Entries supplied:
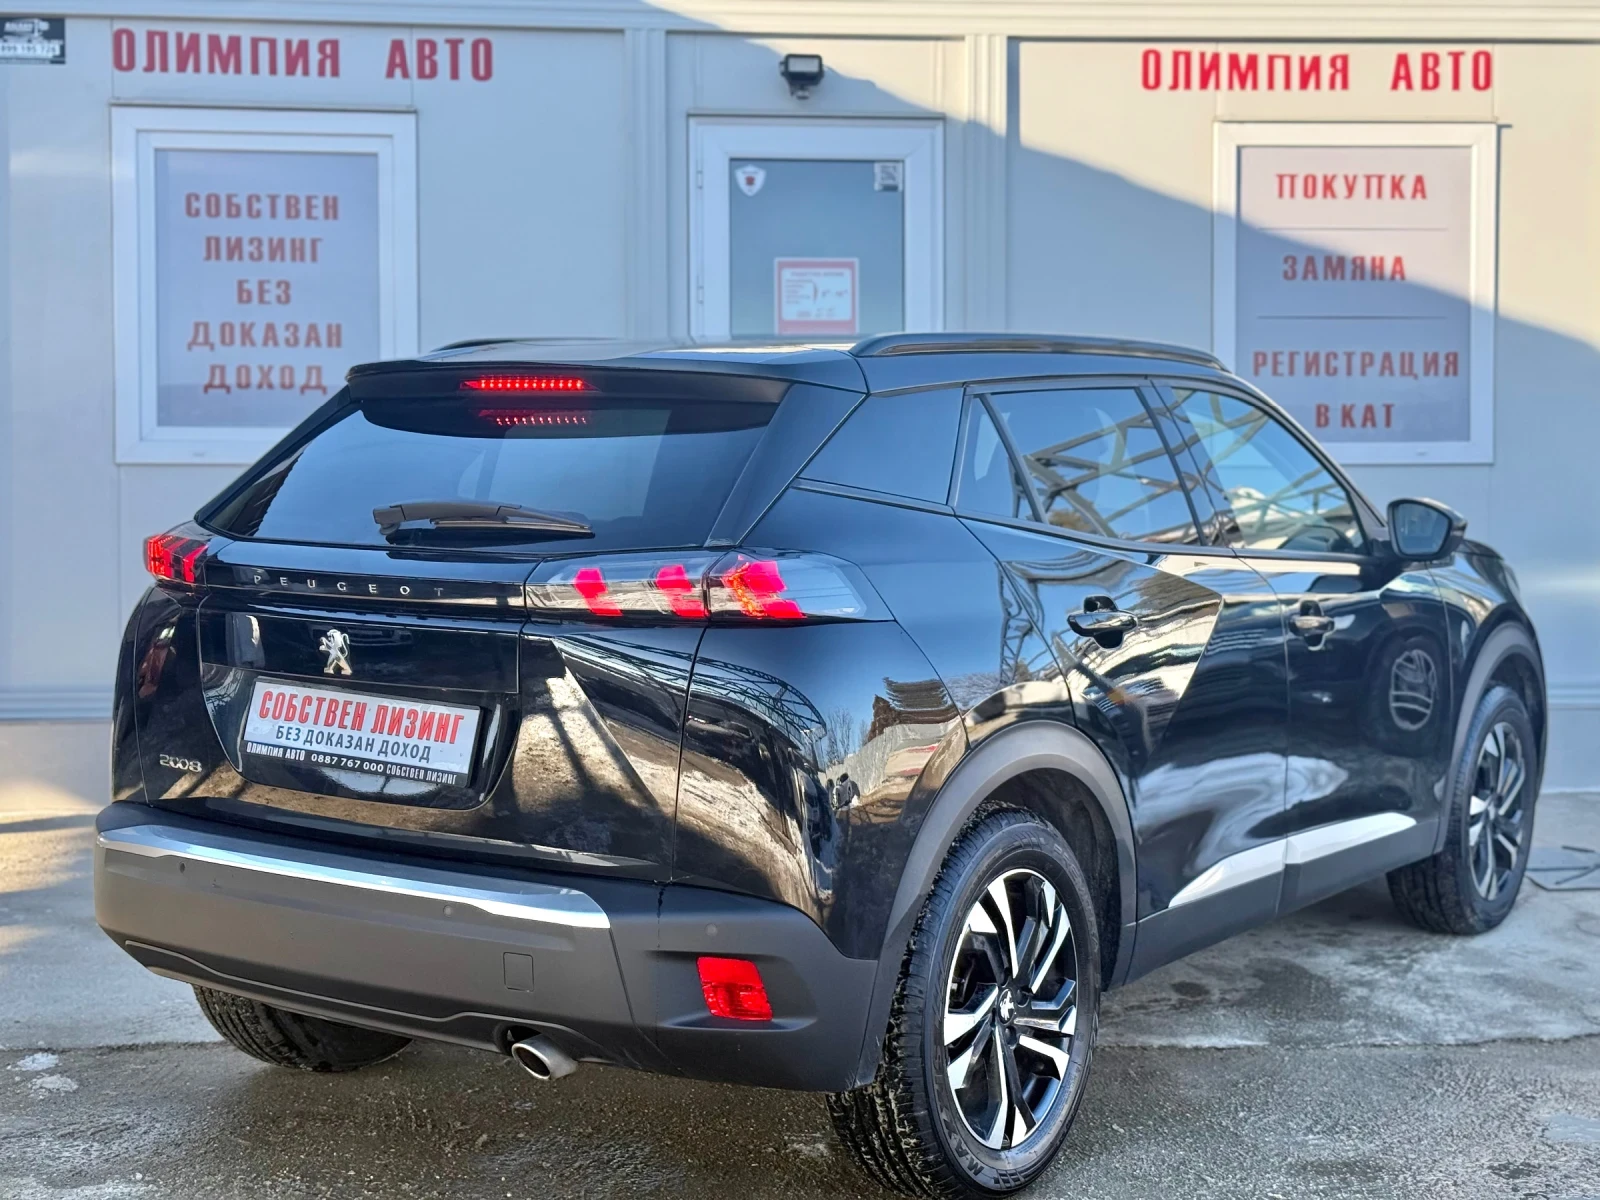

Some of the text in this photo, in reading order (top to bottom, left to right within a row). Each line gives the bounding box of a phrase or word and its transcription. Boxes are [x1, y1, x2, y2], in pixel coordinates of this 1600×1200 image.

[113, 28, 493, 82] ОЛИМПИЯ АВТО
[1141, 48, 1493, 92] ОЛИМПИЯ АВТО
[1276, 173, 1428, 200] ПОКУПКА
[185, 192, 339, 221] СОБСТВЕН
[203, 236, 323, 263] ЛИЗИНГ
[1283, 255, 1406, 281] ЗАМЯНА
[236, 279, 291, 305] БЕЗ
[187, 321, 342, 352] ДОКАЗАН
[1252, 350, 1459, 380] РЕГИСТРАЦИЯ
[203, 364, 328, 396] ДОХОД
[1315, 403, 1395, 429] В КАТ
[253, 574, 444, 597] PEUGEOT
[259, 690, 464, 744] СОБСТВЕН ЛИЗИНГ
[275, 725, 431, 763] БЕЗ ДОКАЗАН ДОХОД
[160, 754, 202, 772] 2008
[246, 741, 458, 786] ОЛИМПИЯ АВТО 0887 767 000 СОБСТВЕН ЛИЗИНГ
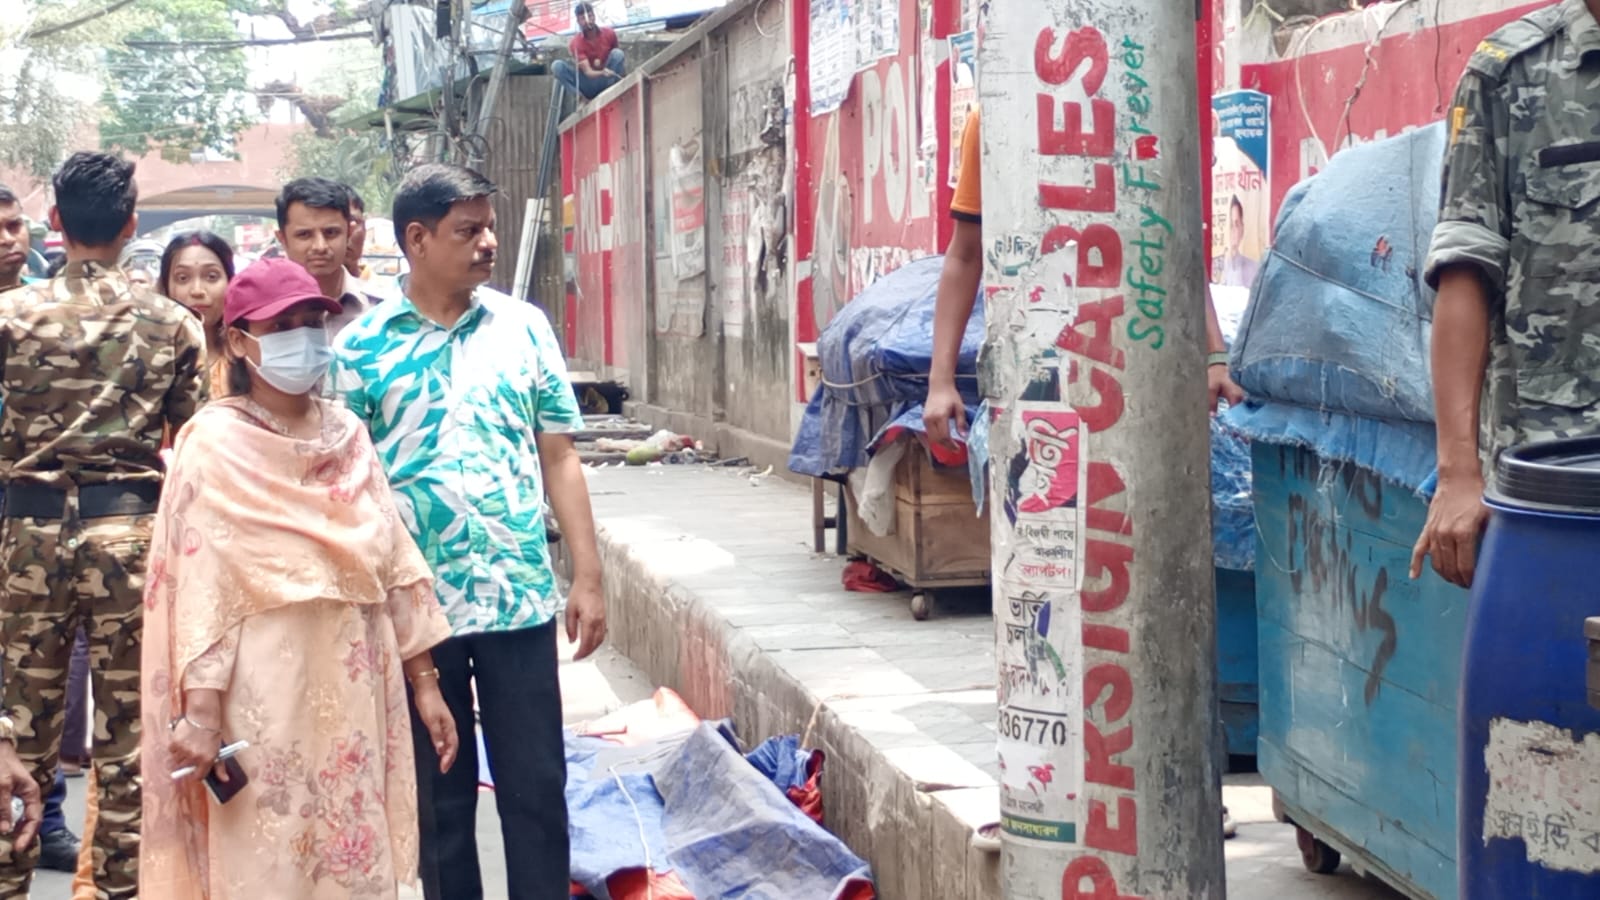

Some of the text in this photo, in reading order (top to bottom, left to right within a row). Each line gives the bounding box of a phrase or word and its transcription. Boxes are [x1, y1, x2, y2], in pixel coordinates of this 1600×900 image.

[1034, 25, 1126, 433] CABLES
[1121, 35, 1174, 350] Safety Frever
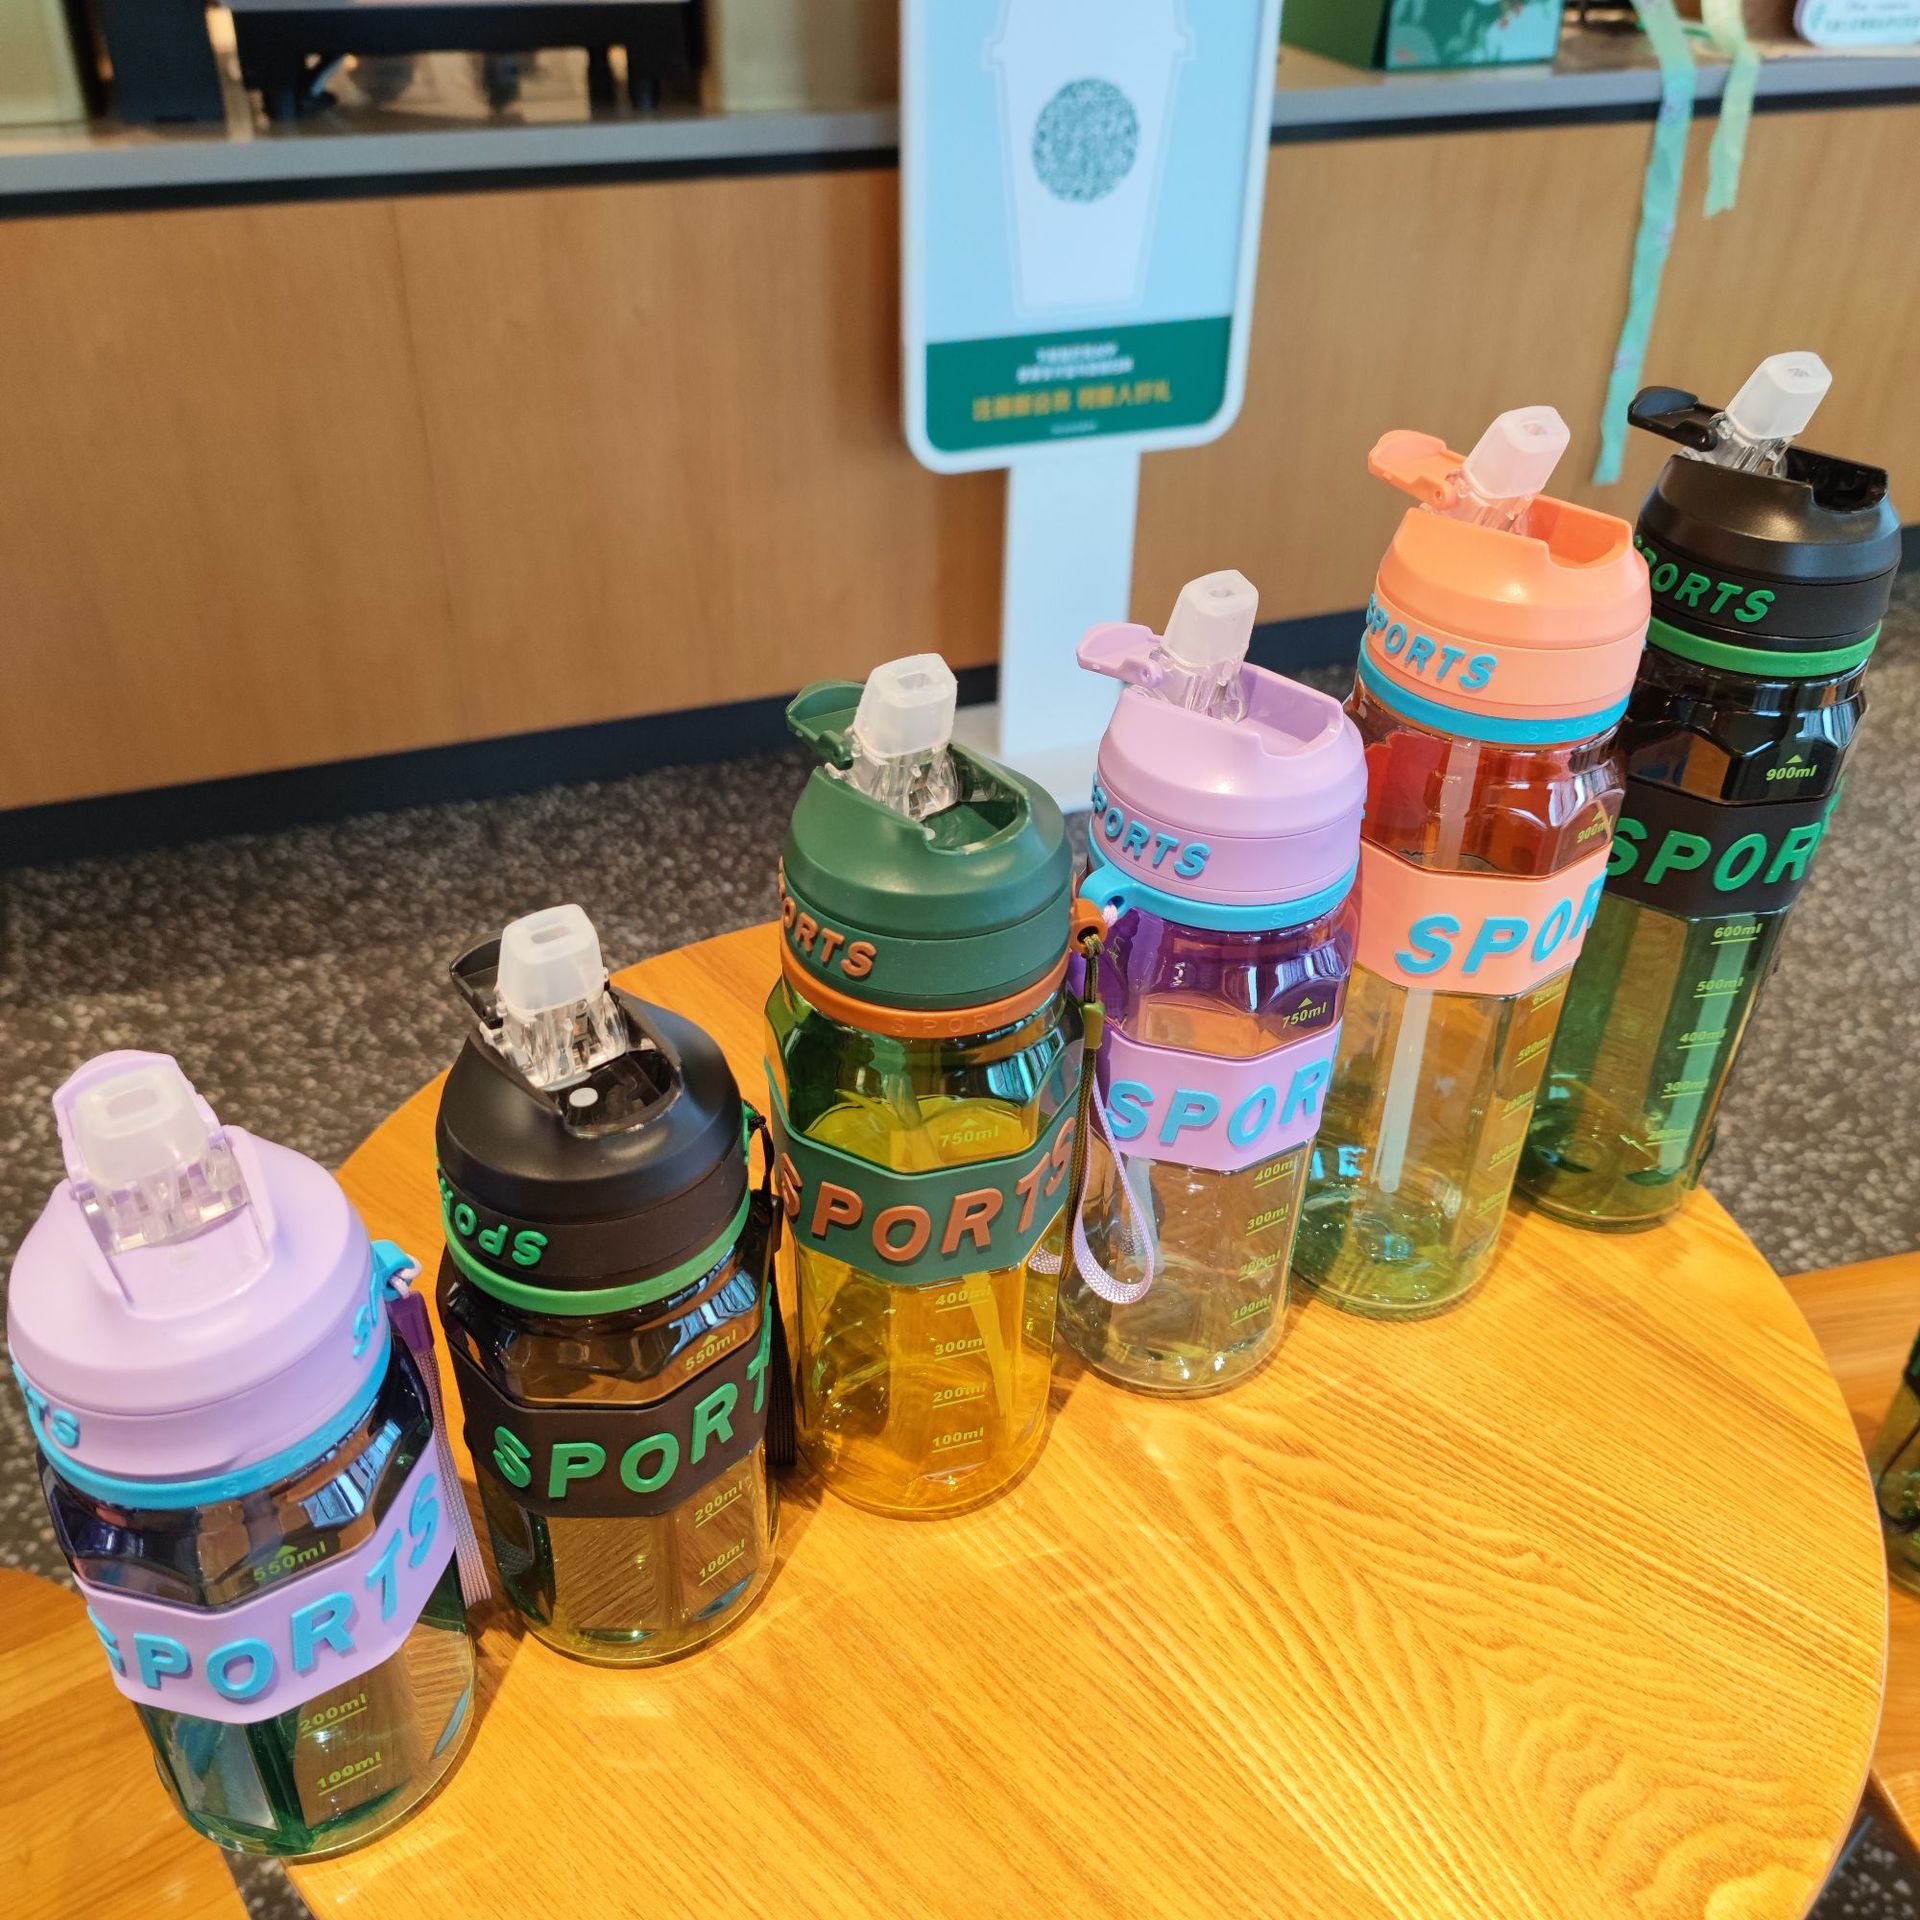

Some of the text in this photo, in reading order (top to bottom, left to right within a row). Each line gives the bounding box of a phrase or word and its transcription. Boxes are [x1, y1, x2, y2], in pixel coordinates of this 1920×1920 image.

[1765, 764, 1818, 781] 900ml
[1092, 771, 1211, 878] PORTS
[1606, 775, 1848, 893] SPOR
[778, 855, 877, 977] ORTS
[1713, 923, 1763, 939] 600ml
[1695, 977, 1744, 992] 500ml
[1282, 1001, 1327, 1029] 750ml
[1106, 1022, 1342, 1147] SPOR
[940, 1126, 1000, 1148] 750ml
[780, 1117, 1078, 1262] SPORTS
[1247, 1203, 1290, 1230] 300ml
[1231, 1293, 1272, 1320] 100ml
[685, 1328, 738, 1372] 550ml
[493, 1283, 771, 1498] SPORT
[932, 1427, 984, 1447] 100ml
[694, 1481, 744, 1523] 200ml
[252, 1541, 328, 1582] 550ml
[698, 1538, 745, 1579] 100ml
[86, 1474, 438, 1698] SPORTS
[300, 1693, 367, 1733] 200ml
[316, 1751, 381, 1789] 100ml

Work request:
Retype all entries exactly; omit pictures.

Response:
Some of the text in this photo, in reading order (top to bottom, left to right within a row). Each line gives the bounding box of a phrase or word and its transcription. Boxes are [x1, y1, x2, y2], in pixel coordinates of this 1600×1200 image.

[113, 28, 493, 82] ОЛИМПИЯ АВТО
[1141, 48, 1493, 92] ОЛИМПИЯ АВТО
[1276, 173, 1428, 200] ПОКУПКА
[185, 192, 339, 221] СОБСТВЕН
[203, 236, 323, 263] ЛИЗИНГ
[1283, 255, 1406, 281] ЗАМЯНА
[236, 279, 291, 305] БЕЗ
[187, 321, 342, 352] ДОКАЗАН
[1252, 350, 1459, 380] РЕГИСТРАЦИЯ
[203, 364, 328, 396] ДОХОД
[1315, 403, 1395, 429] В КАТ
[253, 574, 444, 597] PEUGEOT
[259, 690, 464, 744] СОБСТВЕН ЛИЗИНГ
[275, 725, 431, 763] БЕЗ ДОКАЗАН ДОХОД
[160, 754, 202, 772] 2008
[246, 741, 458, 786] ОЛИМПИЯ АВТО 0887 767 000 СОБСТВЕН ЛИЗИНГ

Some of the text in this photo, in reading order (top to bottom, left to right within a row). Each line gives the bounding box of a phrase or word and its transcription. Boxes are [x1, y1, x2, y2], in pixel coordinates of this 1600×900 image.

[1034, 25, 1126, 433] CABLES
[1121, 35, 1174, 350] Safety Frever

Some of the text in this photo, in reading order (top to bottom, left to right within a row). Each line gives the bounding box of a phrase or word and its transcription. Boxes are [x1, y1, x2, y2], in pixel coordinates of this 1920×1920 image.

[1765, 764, 1818, 781] 900ml
[1092, 771, 1211, 878] PORTS
[1606, 775, 1848, 893] SPOR
[778, 855, 877, 977] ORTS
[1713, 923, 1763, 939] 600ml
[1695, 977, 1744, 992] 500ml
[1282, 1001, 1327, 1029] 750ml
[1106, 1022, 1342, 1147] SPOR
[940, 1126, 1000, 1148] 750ml
[780, 1117, 1078, 1262] SPORTS
[1247, 1203, 1290, 1230] 300ml
[1231, 1293, 1272, 1320] 100ml
[685, 1328, 738, 1372] 550ml
[493, 1283, 771, 1498] SPORT
[932, 1427, 984, 1447] 100ml
[694, 1481, 744, 1523] 200ml
[252, 1541, 328, 1582] 550ml
[698, 1538, 745, 1579] 100ml
[86, 1474, 438, 1698] SPORTS
[300, 1693, 367, 1733] 200ml
[316, 1751, 381, 1789] 100ml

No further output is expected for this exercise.